At the break of dawn on January 8, 1815, Pakenham’s plan went into action. Immediately though, they were met with unexpected barrage manned by Jackson and Jean Lafitte’s men. Main British forces continued to advance towards the Rodriguez Canal while Colonel Robert Rennie led an advancement along the riverbank. American men along the riverbank were quickly overwhelmed by Rennie and his men, that they began scattering around. Rennie shouted out to his men that “the day is ours!” but was shot right after by rifle fire coming from Line Jackson. His men began retreating when they lost their commander, but were then cut down in half by musket balls and grapeshot from the Americans.

American rifle and artillerymen were given clear sightlines as to where the British were when the early morning fog had risen with the sun. Immediately, American men began shooting cannon fire at the British, making large holes in their defenses. Men and equipment both were flying all over the place with the cannon fire. British lines continued to be destroyed as they advanced by musket shot as Jackson watched from above, telling his men to continue fire and that they could end them right then and there. The Americans continued to fire, and British soldiers were falling left and right, many even shot more than once. The attack was becoming much more disastrous than Pakenham and his men ever expected it to be, with the Americans coming back strong despite their army being very unprepared compared to that of the British. Pakenham began leading his men to the front to take down Line Jackson, but more and more of his men were falling due to rifle and cannon fire. It became so chaotic, the British began fleeing away from the battlefront. Pakenham and this group were then surprised with a blast of grapeshot as they tried to aid the fleeing men. Soon after, Pakenham died from the grapeshot.



Most of the British had retreated and fled by this time, but a few troops stayed to try and climb the parapets. When they realized they had no support, they withdrew as well. By the time the British were able to seize American artillery position, it was already too late and night had begun to fall. It was a day full of chaos, disaster, and loss, especially for the British who lost many more men compared to the Americans. 285 British men had been killed, 1,265 wounded, and 484 captured making for a loss of 2,034 men. The Americans however, only lost 62 men, with thirteen killed, 30 wounded, and 19 missing.

Jackson and his men paraded into New Orleans shortly after the battle, playing “Yankee Doodle” followed by a huge celebration in the city. Many newspapers began saying that Jackson was a savior to their country by defending the city so well and driving out the British, ultimately putting the war to an end.

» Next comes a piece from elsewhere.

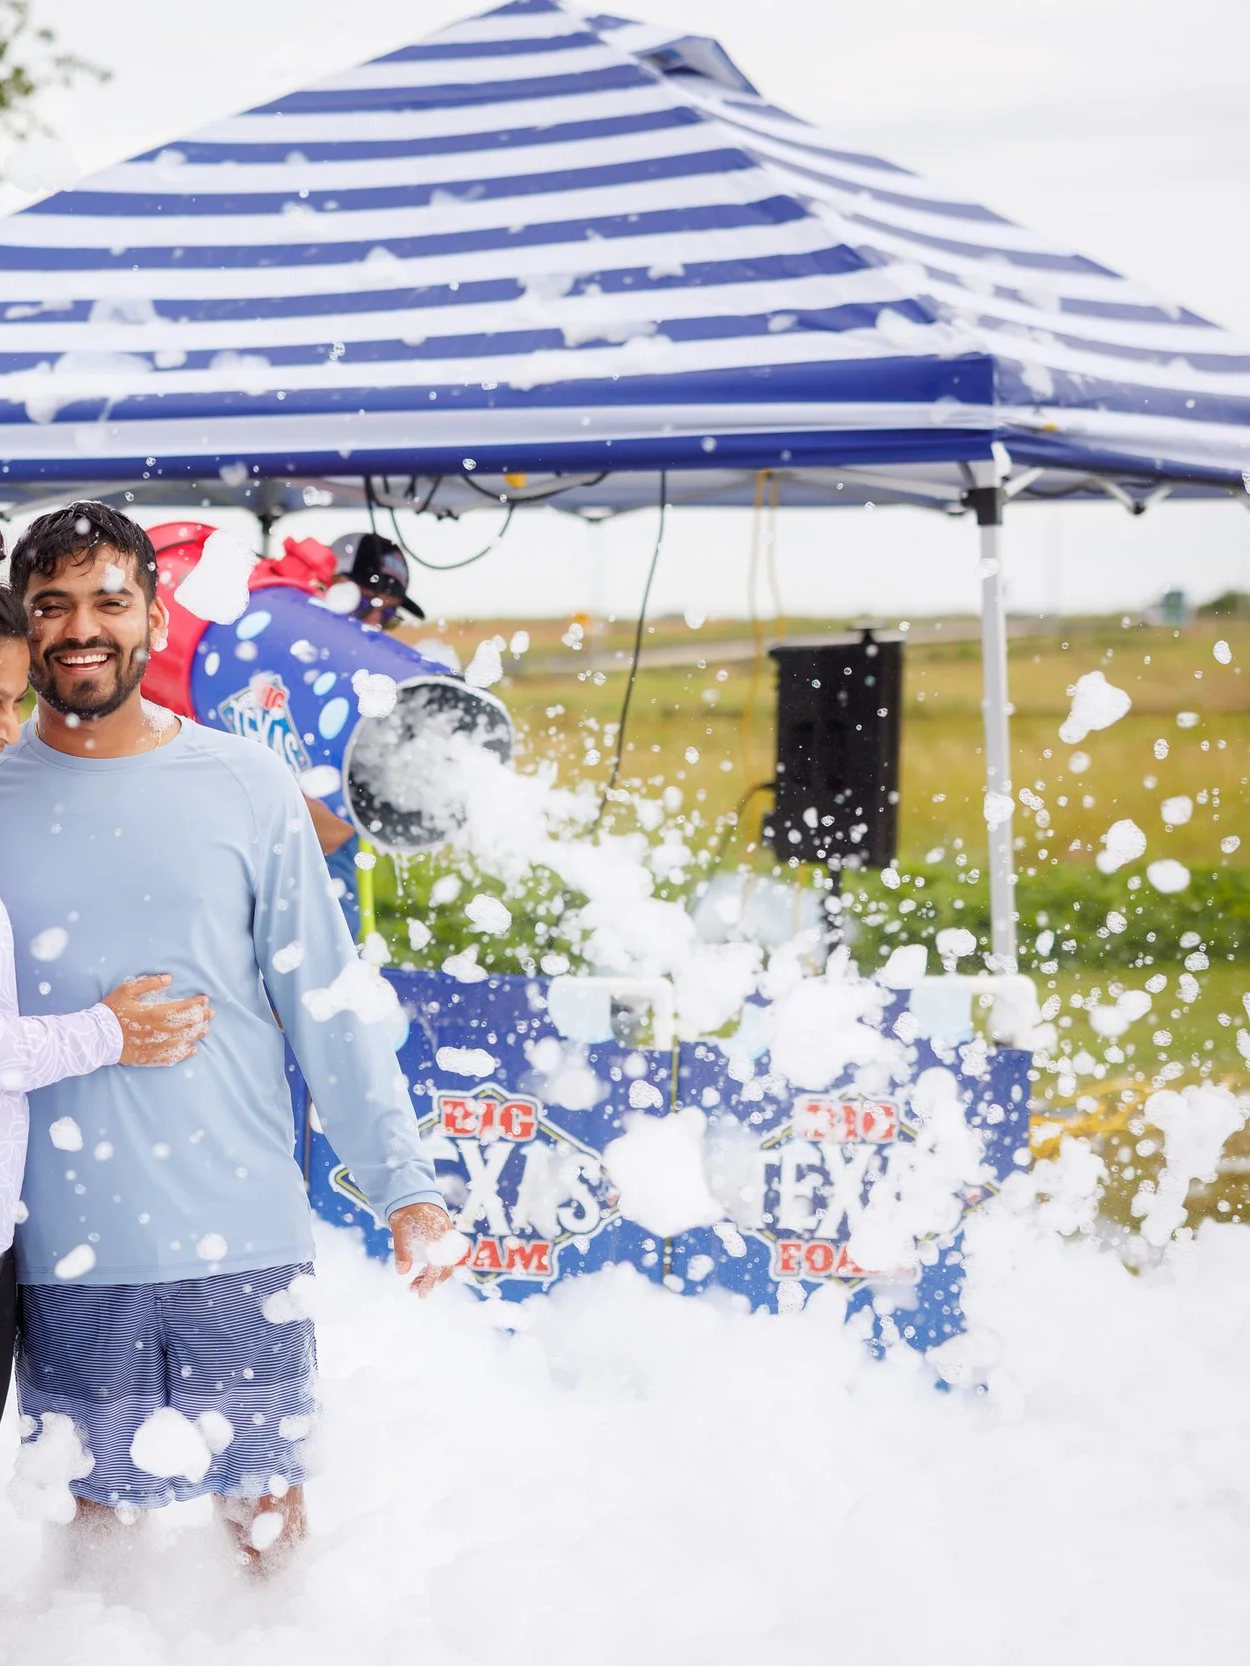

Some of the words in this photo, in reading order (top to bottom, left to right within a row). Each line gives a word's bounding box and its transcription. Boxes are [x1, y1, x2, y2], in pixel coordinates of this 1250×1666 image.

[441, 1099, 535, 1141] BIG
[428, 1137, 600, 1235] XAS
[455, 1239, 550, 1273] AM

For the next ten days, the British remained in Louisiana without making any more efforts or advances. After losing so many men and commanders, they knew it would not be possible to invade New Orleans any more. They led a naval attack on Fort St. Philip that did not go well, and from there they boarded their ships so they could sail back to Mexico. By February 19, there were no more british men remaining in Louisiana, as they had all evacuated and retreated. On February 16, 1815, the Treaty of Ghent was ratified by Congress, and the war officially came to an end. There was no clear winner of the war, however Americans celebrated Jackson and praised him for winning the war with the Battle of New Orleans.